> [Stored data entries]:
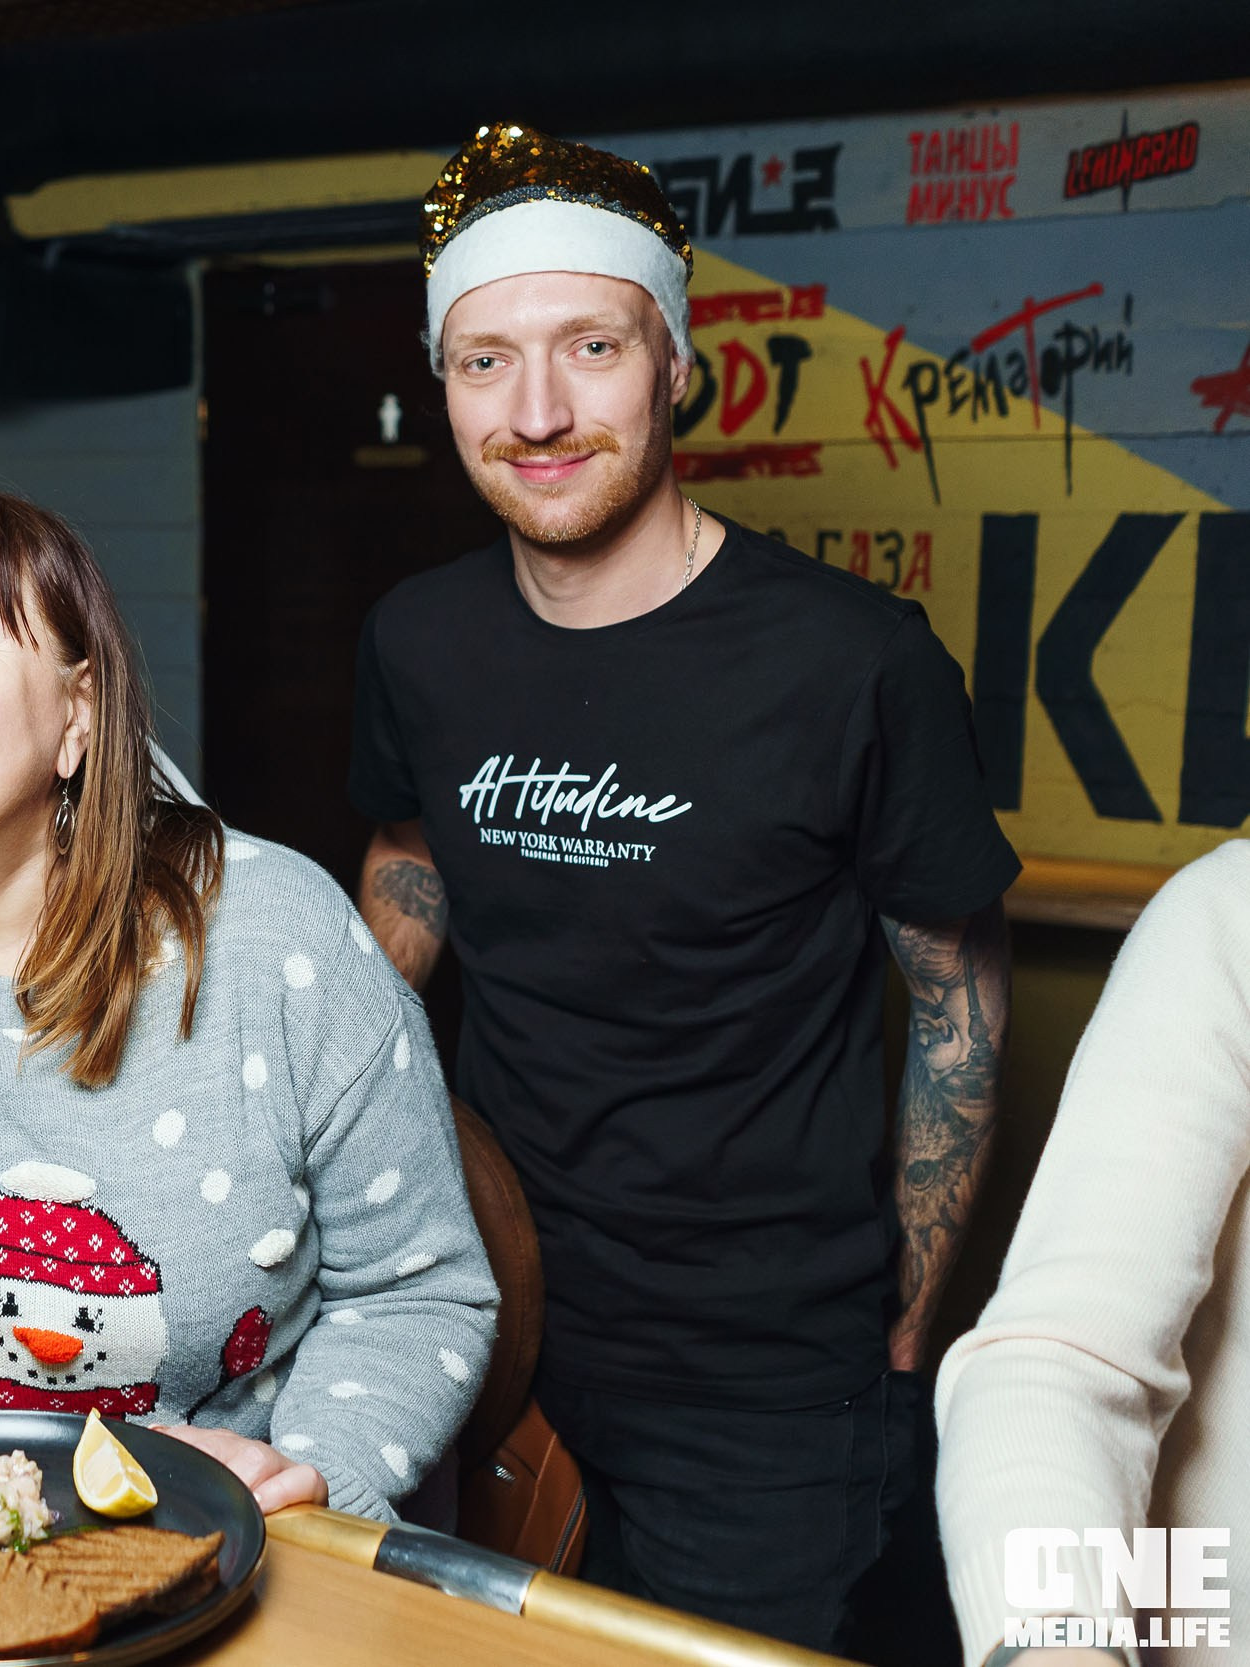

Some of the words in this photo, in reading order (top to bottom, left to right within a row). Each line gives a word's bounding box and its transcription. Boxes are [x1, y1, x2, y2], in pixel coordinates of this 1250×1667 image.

[907, 121, 1020, 175] ТАНЦЫ
[1065, 122, 1200, 199] LENINGRAD
[906, 173, 1017, 225] МИНУС
[815, 529, 933, 593] ГАЗА
[480, 827, 517, 847] NEW
[518, 831, 558, 852] YORK
[560, 836, 656, 862] WARRANTY
[520, 848, 561, 863] TRADEMARK
[564, 854, 609, 868] REGISTERED

> [Prompt]: Retype the data above as given, letting no picture into the copy.

> [Completed exercise]:
Some of the words in this photo, in reading order (top to bottom, left to right within a row). Each line gives a word's bounding box and its transcription. Boxes are [x1, y1, x2, y2], in pixel coordinates of this 1250×1667 image.

[907, 121, 1020, 175] ТАНЦЫ
[1065, 122, 1200, 199] LENINGRAD
[906, 173, 1017, 225] МИНУС
[815, 529, 933, 593] ГАЗА
[480, 827, 517, 847] NEW
[518, 831, 558, 852] YORK
[560, 836, 656, 862] WARRANTY
[520, 848, 561, 863] TRADEMARK
[564, 854, 609, 868] REGISTERED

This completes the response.